In June 2006, Bahrain was elected head of the United Nations General Assembly, and used the honour to appoint Haya bint Rashid Al Khalifa as the Assembly's president, making her the first Middle East woman and only the third woman in history to take over the post. Sheikha Haya is a leading Bahraini lawyer and women's rights advocate who took over the post at a time of change for the world body. UN Secretary General Kofi Annan said of her, "I met her yesterday and I found her quite impressive. All the member states are determined to work with her and to support her, and I think she's going to bring a new dimension to the work here." The move follows a series of appointments of women to high-profile positions in the Kingdom (see Women's political rights in Bahrain for further details).

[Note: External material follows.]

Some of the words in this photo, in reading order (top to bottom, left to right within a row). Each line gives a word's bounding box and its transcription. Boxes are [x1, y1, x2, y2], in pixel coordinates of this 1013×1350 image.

During the Persian Gulf War in 1990–91, Bahrain was part of the coalition that fought to liberate Kuwait. Bahraini, RAF, and USAF pilots flew air strikes in Iraq from the Sheik Isa Air Base, while coalition navies operated out of Manama, the capital. Bahrain was hit by Scud missiles fired from Iraq. A number of Bahraini students studying in Iraq and Kuwait at the outbreak of hostilities went missing and are presumed the victims of Saddam Hussein's secret police.

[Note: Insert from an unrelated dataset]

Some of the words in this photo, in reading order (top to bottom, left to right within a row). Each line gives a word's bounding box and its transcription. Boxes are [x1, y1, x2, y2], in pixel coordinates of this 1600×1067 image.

After the liberation of Kuwait, Bahrain and the United States strengthened their already good ties by signing a ten-year agreement in October 1991, which granted American forces access to Bahraini facilities and allowed the U.S. to pre-position war material for future crises. In July 1995 the U.S. 5th Fleet was established in the Persian Gulf with its headquarters at NSA Bahrain in Manama. In 2003, U.S. President George W. Bush designated Bahrain as a major non-NATO ally.

Bahrain was an active member of the coalition that fought to remove the Taliban regime from Afghanistan in 2001; the Kingdom provided ships for the naval cordon in the Indian Ocean put in place to intercept fleeing Taliban and Al Qaeda fighters.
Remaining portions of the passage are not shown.